--- INPUT MATERIAL Enclosed Below ---
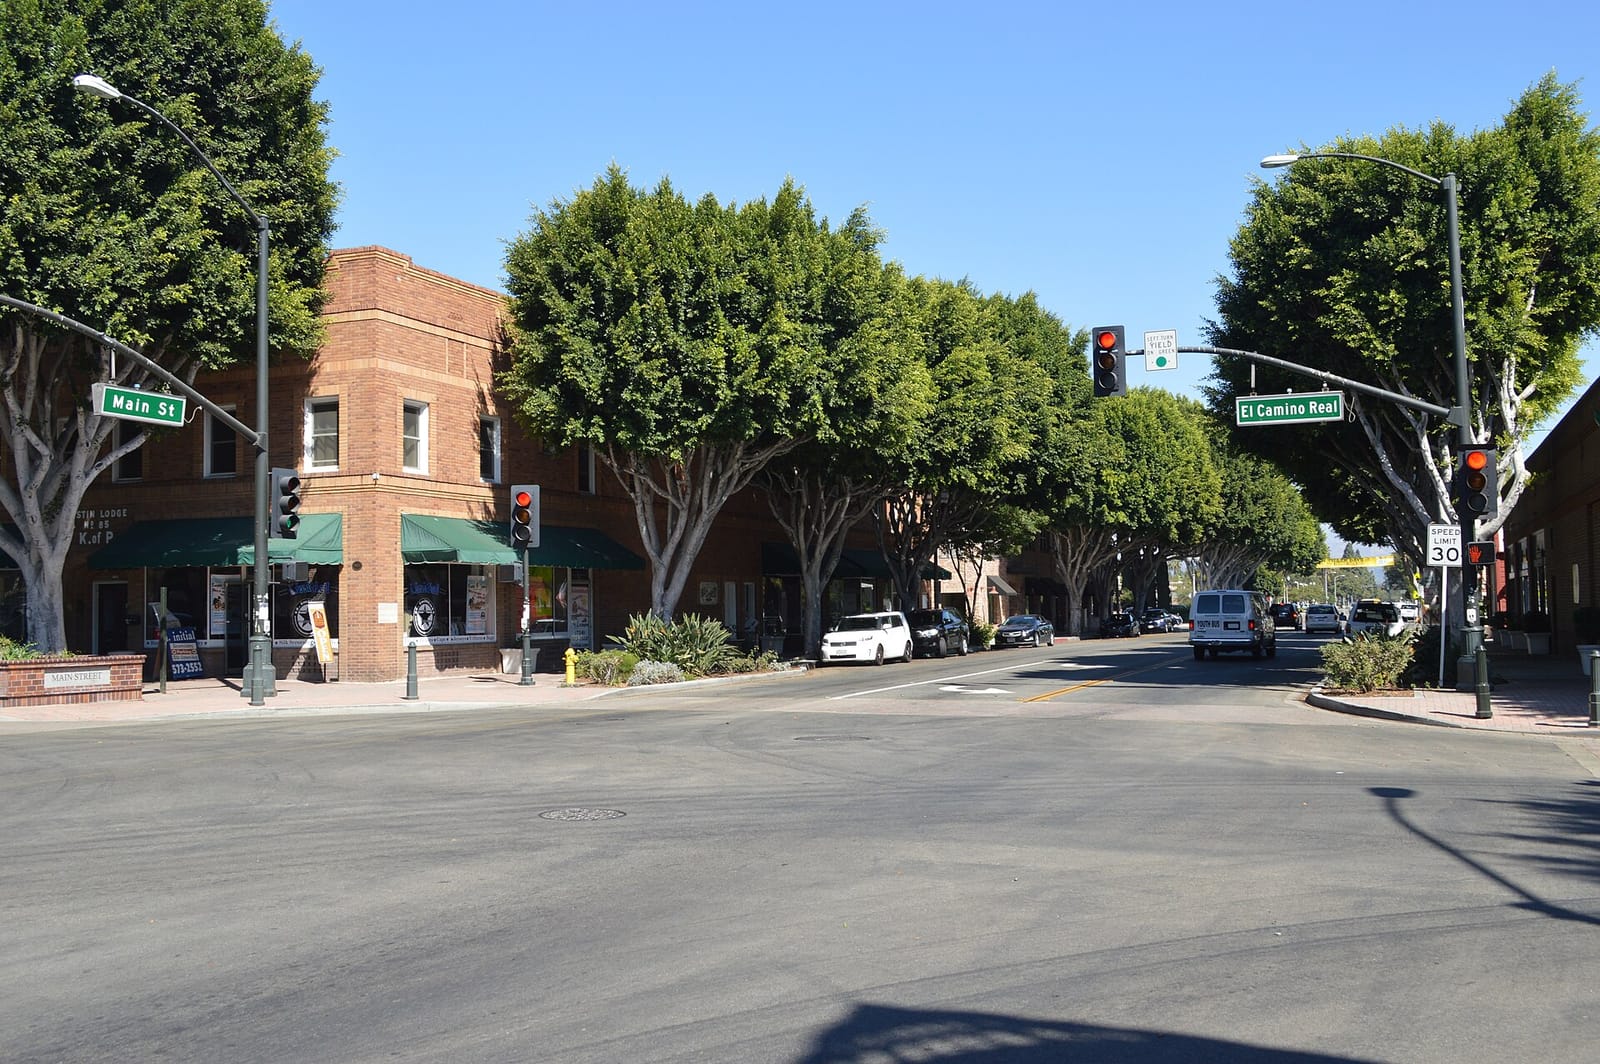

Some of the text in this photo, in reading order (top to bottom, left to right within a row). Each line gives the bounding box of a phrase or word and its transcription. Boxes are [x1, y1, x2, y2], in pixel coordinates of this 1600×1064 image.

[1150, 340, 1172, 349] YIELD
[112, 394, 175, 417] Main St
[1241, 400, 1338, 418] El Camino Real
[76, 508, 128, 519] STIN LODGE
[105, 531, 114, 544] P
[1431, 528, 1461, 536] SPEED
[1434, 537, 1457, 545] LIMIT
[1431, 547, 1459, 562] 30
[172, 630, 196, 642] initial
[74, 672, 102, 681] STREET
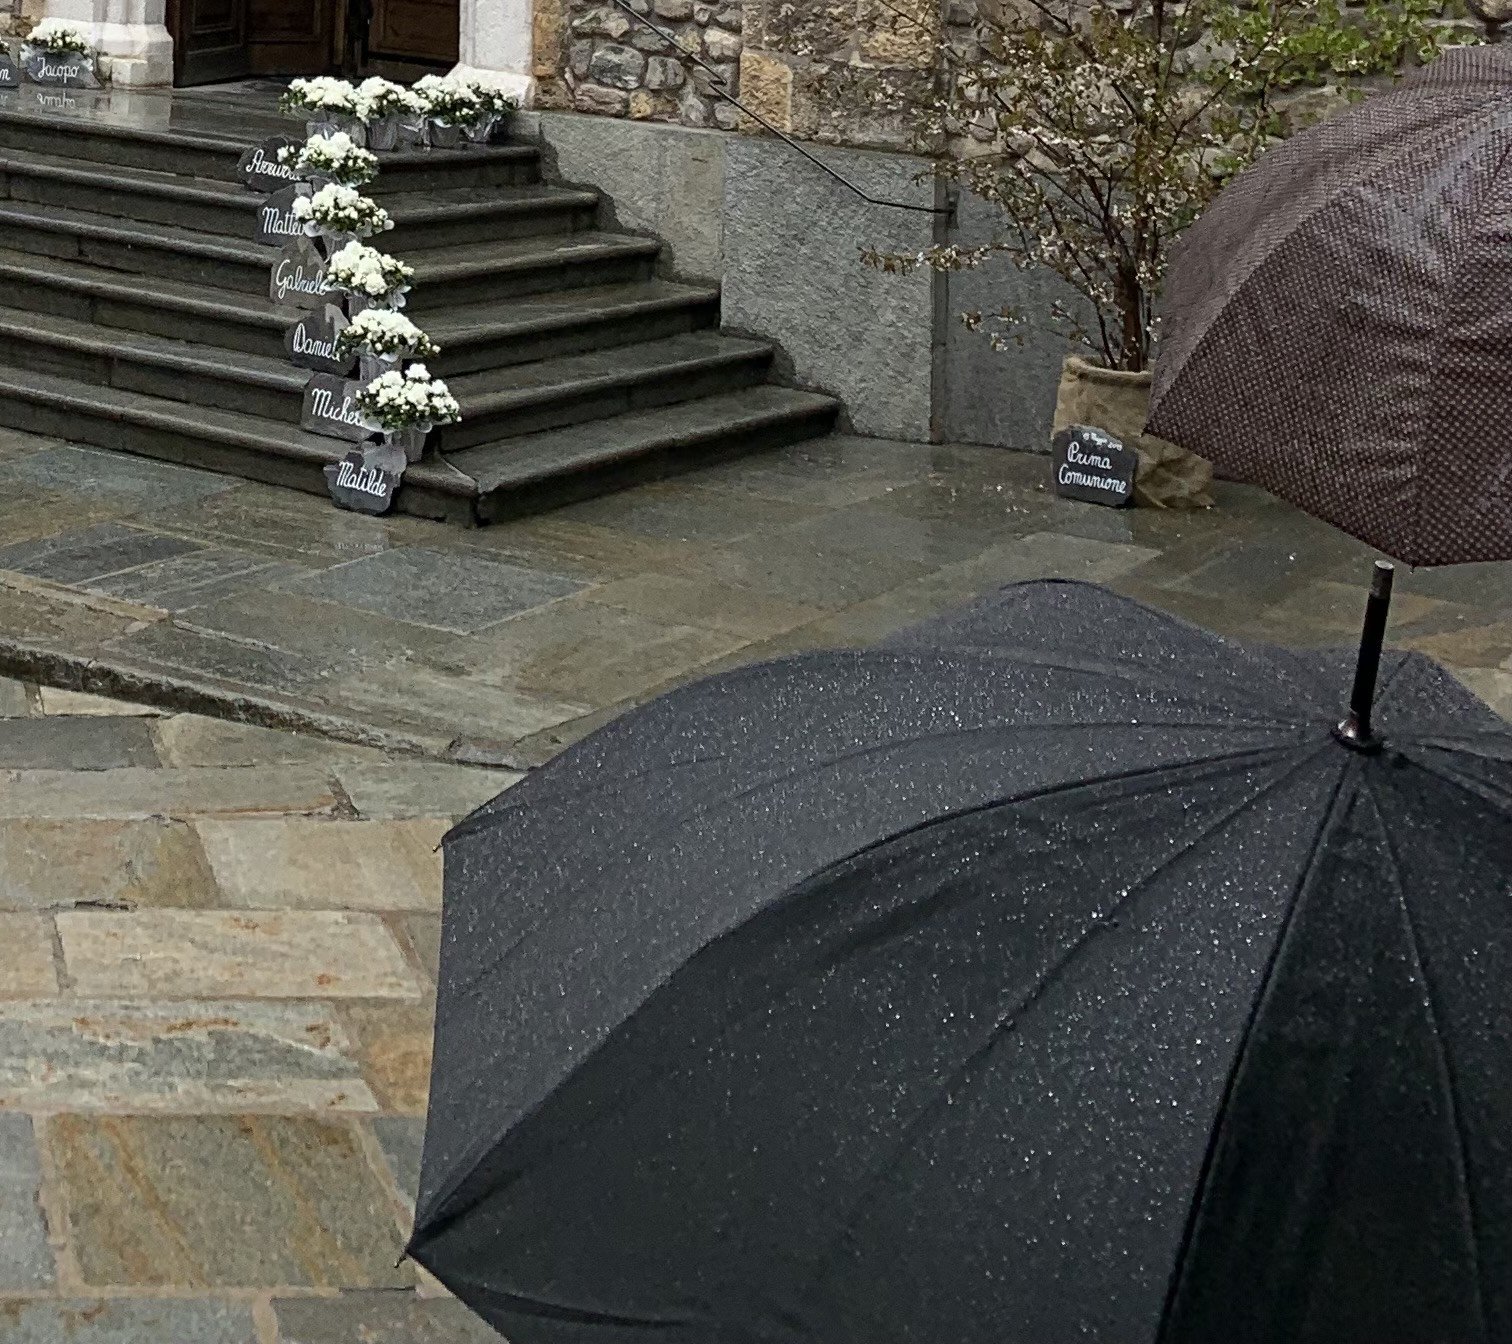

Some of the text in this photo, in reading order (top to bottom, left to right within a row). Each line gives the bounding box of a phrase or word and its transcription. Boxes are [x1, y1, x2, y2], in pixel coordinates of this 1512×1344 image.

[36, 56, 80, 84] Jacopo
[293, 322, 341, 363] Daniel
[1067, 441, 1113, 470] Prima
[336, 460, 387, 498] Matilde
[1058, 463, 1127, 494] Comunione
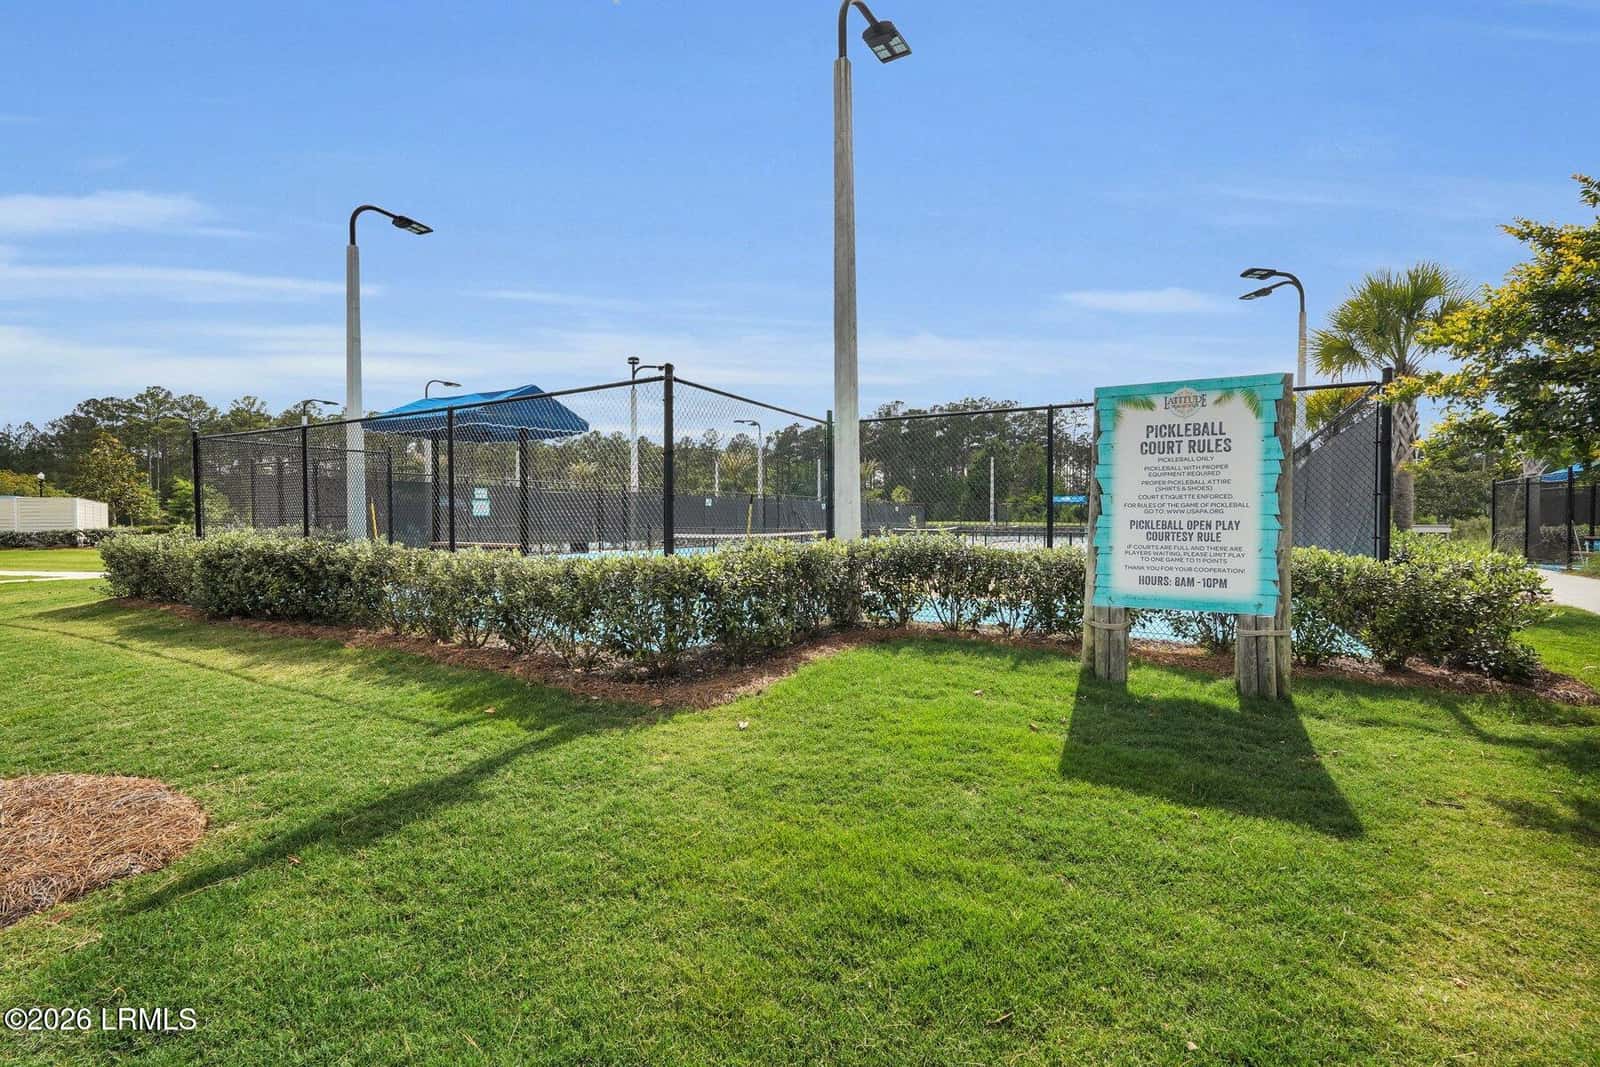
--- End of Enclosed INPUT MATERIAL ---
WORK TO BE COMPLETED: Write out all of the data above exactly, without any of its pictures.

YOUR SOLUTION:
Some of the text in this photo, in reading order (top to bottom, left to right within a row). Each line gives the bounding box of a phrase or word and its transcription. Boxes are [x1, y1, x2, y2], in pixel coordinates of this 1600×1064 image.

[1150, 340, 1172, 349] YIELD
[112, 394, 175, 417] Main St
[1241, 400, 1338, 418] El Camino Real
[76, 508, 128, 519] STIN LODGE
[105, 531, 114, 544] P
[1431, 528, 1461, 536] SPEED
[1434, 537, 1457, 545] LIMIT
[1431, 547, 1459, 562] 30
[172, 630, 196, 642] initial
[74, 672, 102, 681] STREET

Some of the text in this photo, in reading order (top to bottom, left to right within a row). Each line gives the bounding box of a phrase or word and its transcription. Boxes are [x1, y1, x2, y2], in pixel coordinates of this 1512×1344 image.

[36, 56, 80, 84] Jacopo
[293, 322, 341, 363] Daniel
[1067, 441, 1113, 470] Prima
[336, 460, 387, 498] Matilde
[1058, 463, 1127, 494] Comunione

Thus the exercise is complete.